**What this task involves**
Print all the data that follows exactly, images excluded.

** Supplied entries follows **

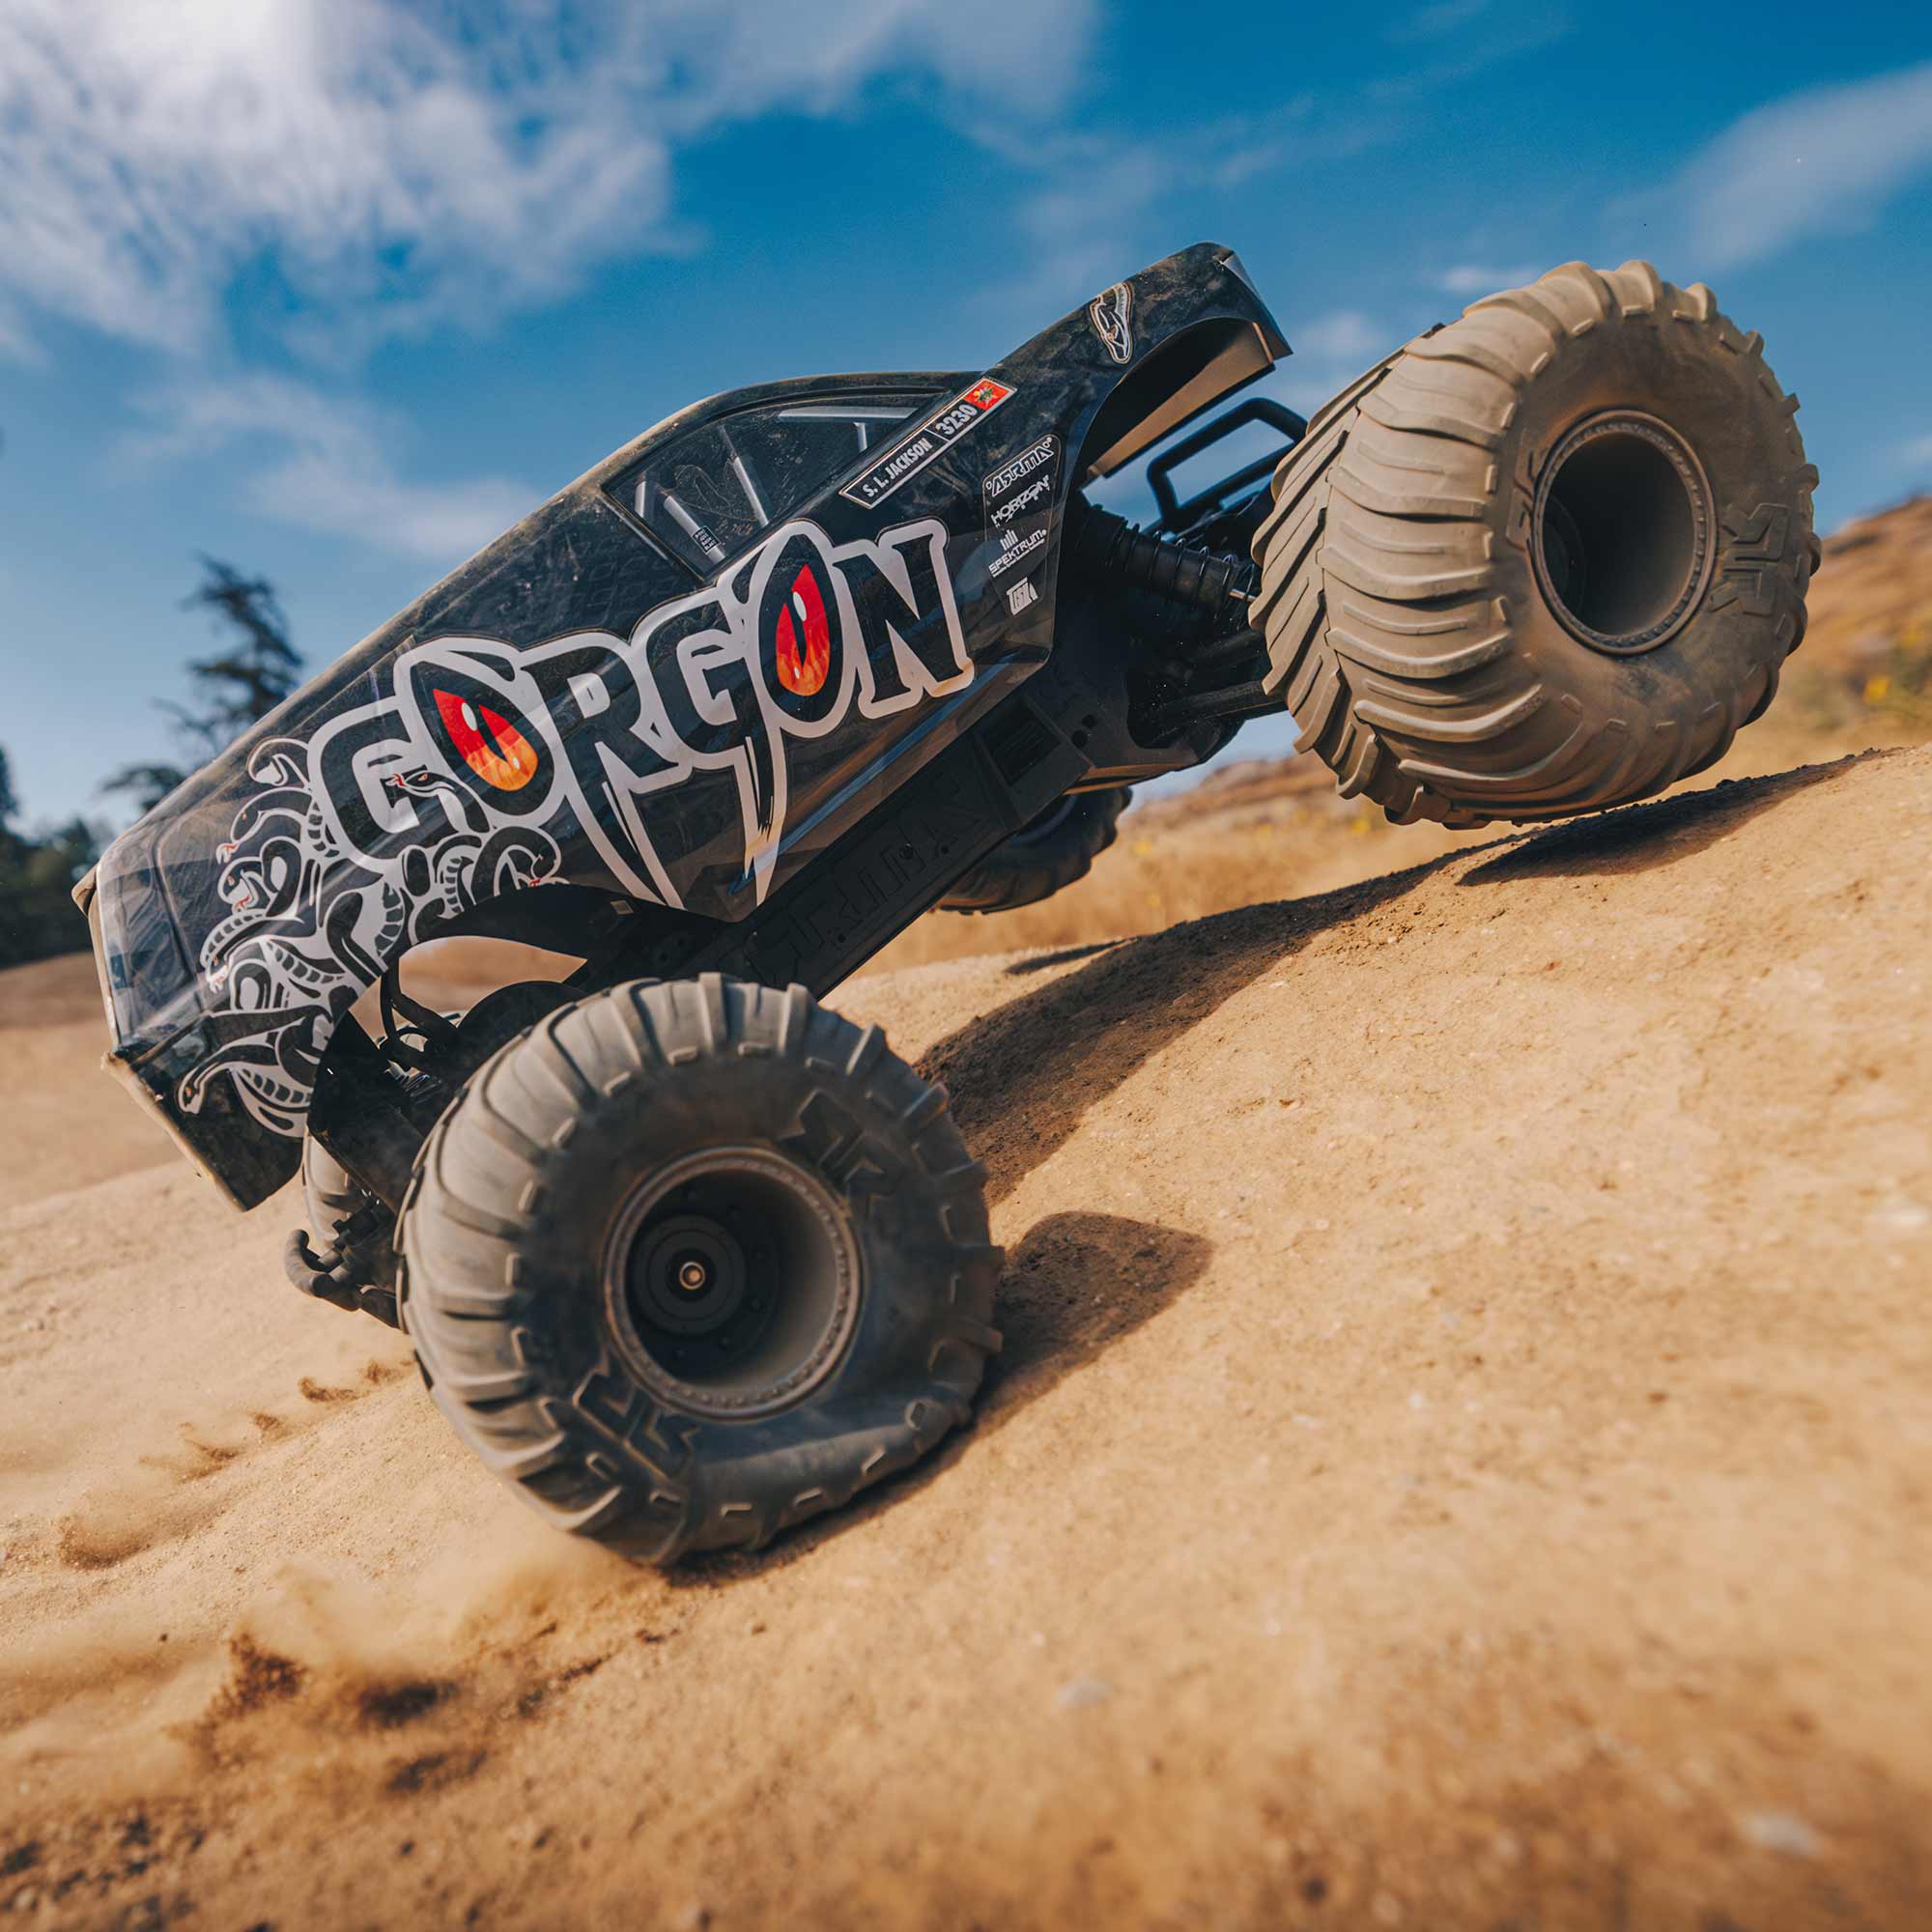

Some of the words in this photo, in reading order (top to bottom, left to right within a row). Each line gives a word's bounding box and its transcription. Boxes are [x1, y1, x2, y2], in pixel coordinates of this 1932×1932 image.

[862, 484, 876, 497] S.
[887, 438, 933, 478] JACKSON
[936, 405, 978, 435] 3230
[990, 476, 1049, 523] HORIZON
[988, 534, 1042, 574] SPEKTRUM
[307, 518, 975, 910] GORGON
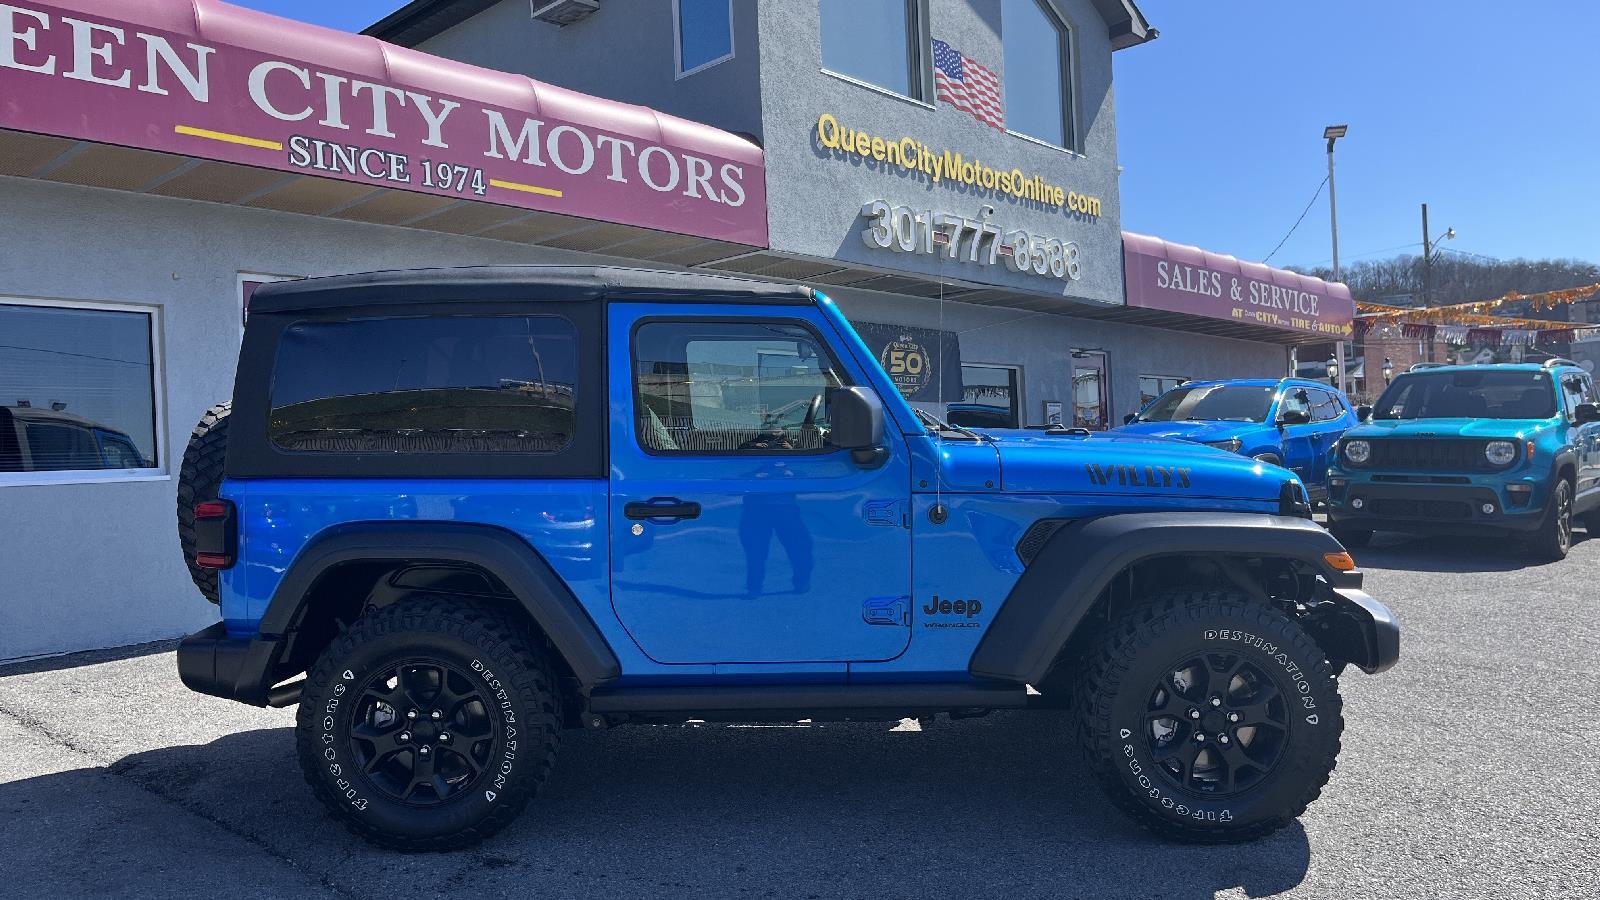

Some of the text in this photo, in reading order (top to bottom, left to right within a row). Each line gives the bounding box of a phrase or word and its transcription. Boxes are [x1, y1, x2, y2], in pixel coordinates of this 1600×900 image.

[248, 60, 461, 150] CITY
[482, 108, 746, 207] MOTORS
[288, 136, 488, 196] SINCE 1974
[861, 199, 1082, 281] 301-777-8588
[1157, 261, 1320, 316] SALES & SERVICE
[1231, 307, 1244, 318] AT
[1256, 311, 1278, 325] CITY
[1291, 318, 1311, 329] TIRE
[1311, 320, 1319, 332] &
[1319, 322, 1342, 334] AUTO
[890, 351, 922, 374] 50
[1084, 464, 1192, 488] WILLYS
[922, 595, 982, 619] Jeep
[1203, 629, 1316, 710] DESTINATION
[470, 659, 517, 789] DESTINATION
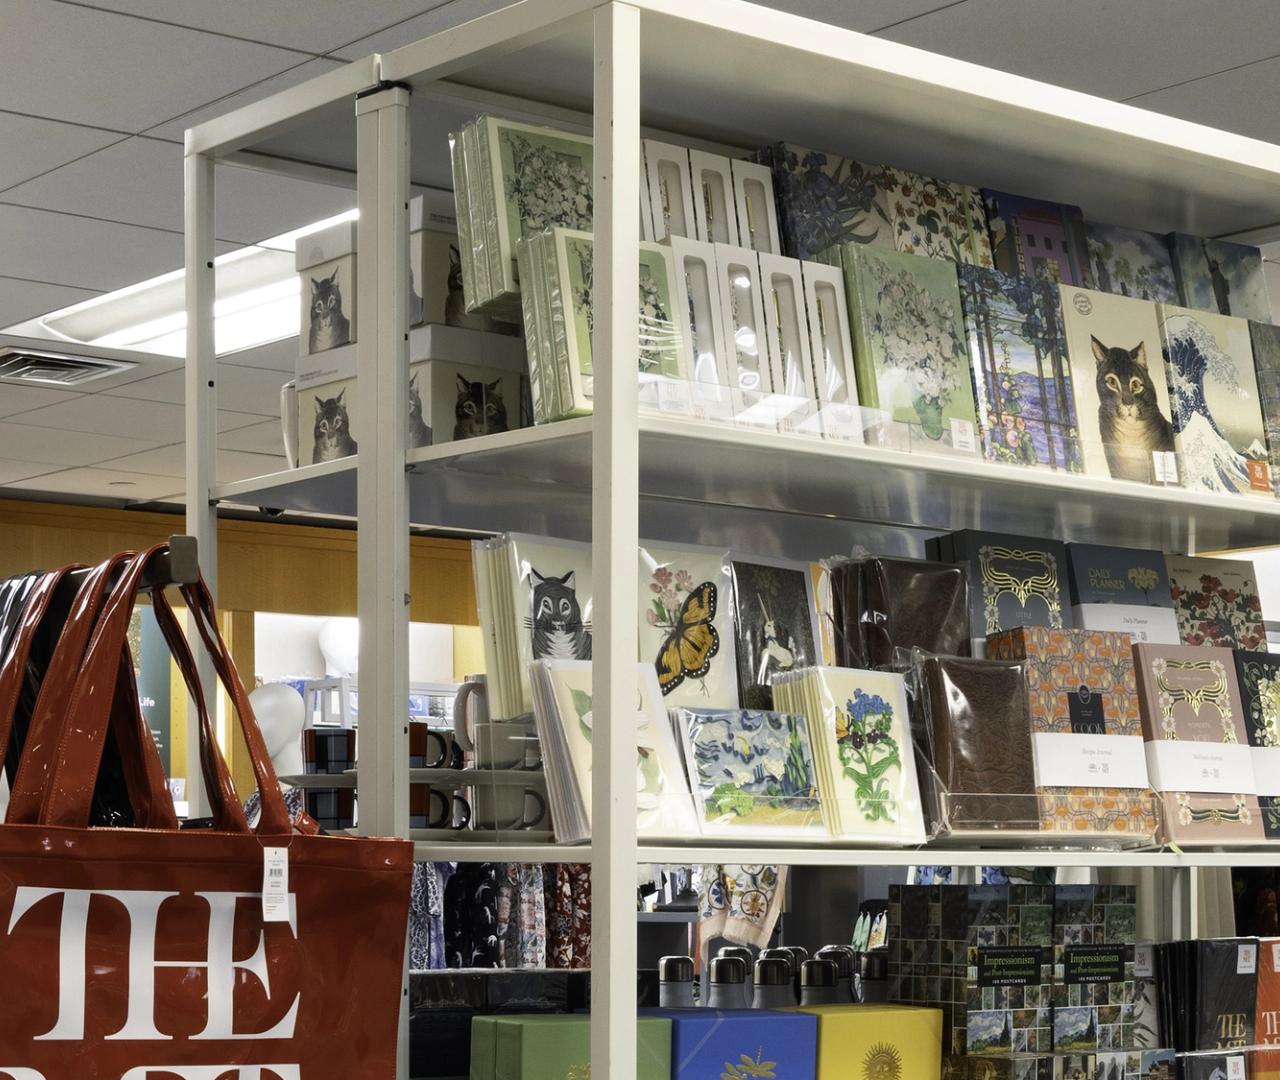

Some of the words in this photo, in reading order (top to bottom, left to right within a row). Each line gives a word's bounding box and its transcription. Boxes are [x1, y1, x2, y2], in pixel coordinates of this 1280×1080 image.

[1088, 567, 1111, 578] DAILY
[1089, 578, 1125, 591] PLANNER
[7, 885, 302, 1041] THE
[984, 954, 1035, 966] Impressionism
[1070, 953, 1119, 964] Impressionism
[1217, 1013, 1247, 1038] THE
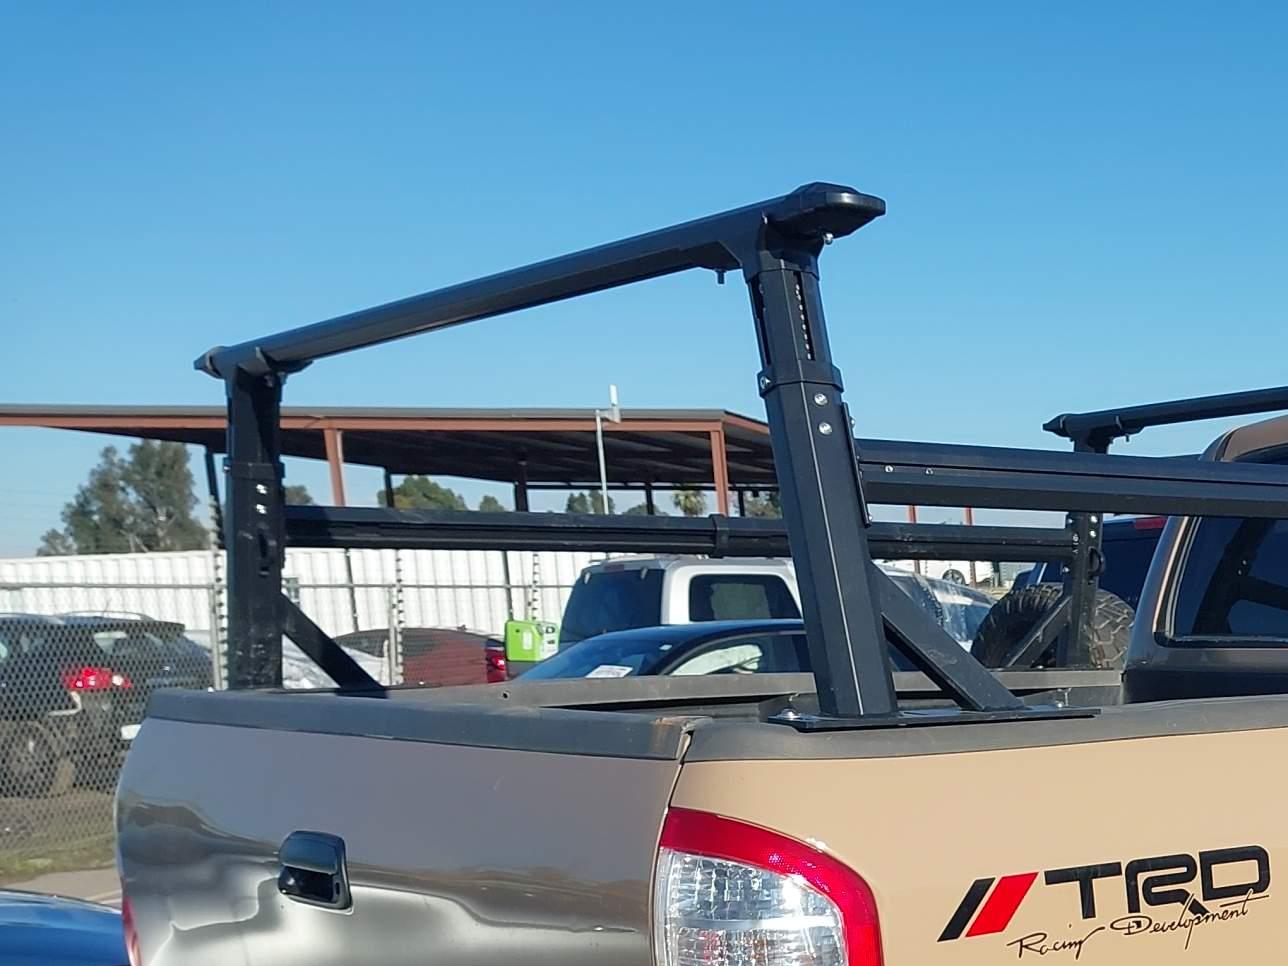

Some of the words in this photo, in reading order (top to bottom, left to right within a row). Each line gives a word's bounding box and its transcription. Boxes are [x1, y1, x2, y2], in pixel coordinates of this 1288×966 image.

** End of Supplied entries **

**Task solution**
Some of the words in this photo, in reading order (top to bottom, left to right within a row). Each line gives a word's bounding box and its transcription. Boxes are [x1, y1, x2, y2], in pixel coordinates of this 1932×1932 image.

[862, 484, 876, 497] S.
[887, 438, 933, 478] JACKSON
[936, 405, 978, 435] 3230
[990, 476, 1049, 523] HORIZON
[988, 534, 1042, 574] SPEKTRUM
[307, 518, 975, 910] GORGON

Some of the text in this photo, in reading order (top to bottom, left to right within a row). Each line gives the bounding box of a phrase or word and its transcription. Boxes are [x1, y1, x2, y2], in pixel coordinates of this 1600×900 image.

[248, 60, 461, 150] CITY
[482, 108, 746, 207] MOTORS
[288, 136, 488, 196] SINCE 1974
[861, 199, 1082, 281] 301-777-8588
[1157, 261, 1320, 316] SALES & SERVICE
[1231, 307, 1244, 318] AT
[1256, 311, 1278, 325] CITY
[1291, 318, 1311, 329] TIRE
[1311, 320, 1319, 332] &
[1319, 322, 1342, 334] AUTO
[890, 351, 922, 374] 50
[1084, 464, 1192, 488] WILLYS
[922, 595, 982, 619] Jeep
[1203, 629, 1316, 710] DESTINATION
[470, 659, 517, 789] DESTINATION

Some of the words in this photo, in reading order (top to bottom, left to right within a row). Each line gives a word's bounding box and its transcription. Boxes are [x1, y1, x2, y2], in pixel coordinates of this 1280×1080 image.

[1088, 567, 1111, 578] DAILY
[1089, 578, 1125, 591] PLANNER
[7, 885, 302, 1041] THE
[984, 954, 1035, 966] Impressionism
[1070, 953, 1119, 964] Impressionism
[1217, 1013, 1247, 1038] THE

Some of the words in this photo, in reading order (top to bottom, left to right within a row). Each line gives a word's bounding box and its transcription. Boxes are [x1, y1, x2, y2], in pixel coordinates of this 1288×966 image.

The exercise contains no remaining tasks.